■ What you are asked to do ■
Exactly as written, return all the data, leaving its pictures behind.

------------------------------------

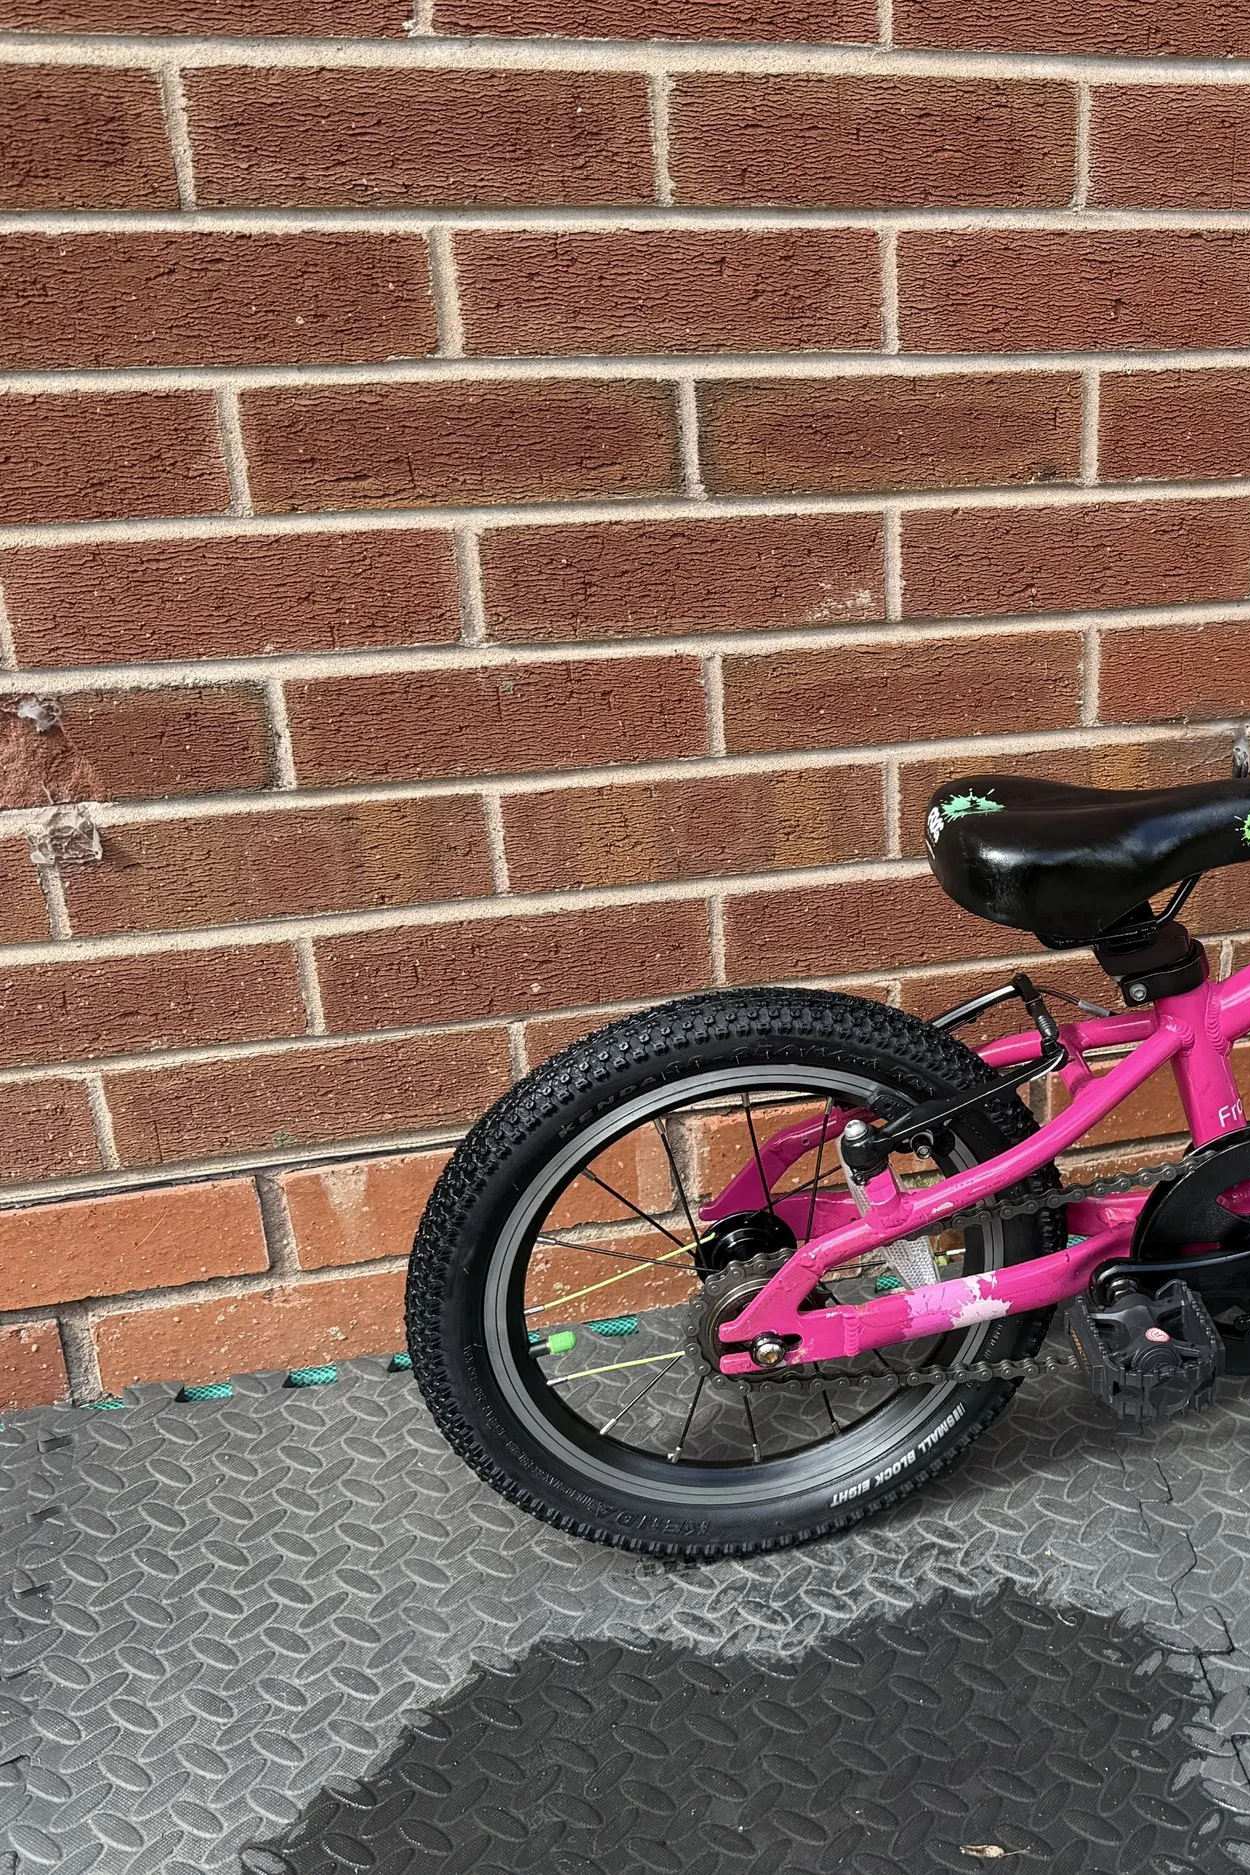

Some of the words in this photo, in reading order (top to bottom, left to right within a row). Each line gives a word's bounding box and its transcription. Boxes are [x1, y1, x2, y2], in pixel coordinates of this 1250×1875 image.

[558, 1075, 658, 1139] KENDA
[917, 1413, 957, 1454] SMALL
[874, 1449, 917, 1488] BLOCK
[830, 1478, 871, 1508] EIGHT

------------------------------------

■ Solution ■
Some of the words in this photo, in reading order (top to bottom, left to right within a row). Each line gives a word's bounding box and its transcription. Boxes are [x1, y1, x2, y2], in pixel coordinates of this 1250×1875 image.

[558, 1075, 658, 1139] KENDA
[917, 1413, 957, 1454] SMALL
[874, 1449, 917, 1488] BLOCK
[830, 1478, 871, 1508] EIGHT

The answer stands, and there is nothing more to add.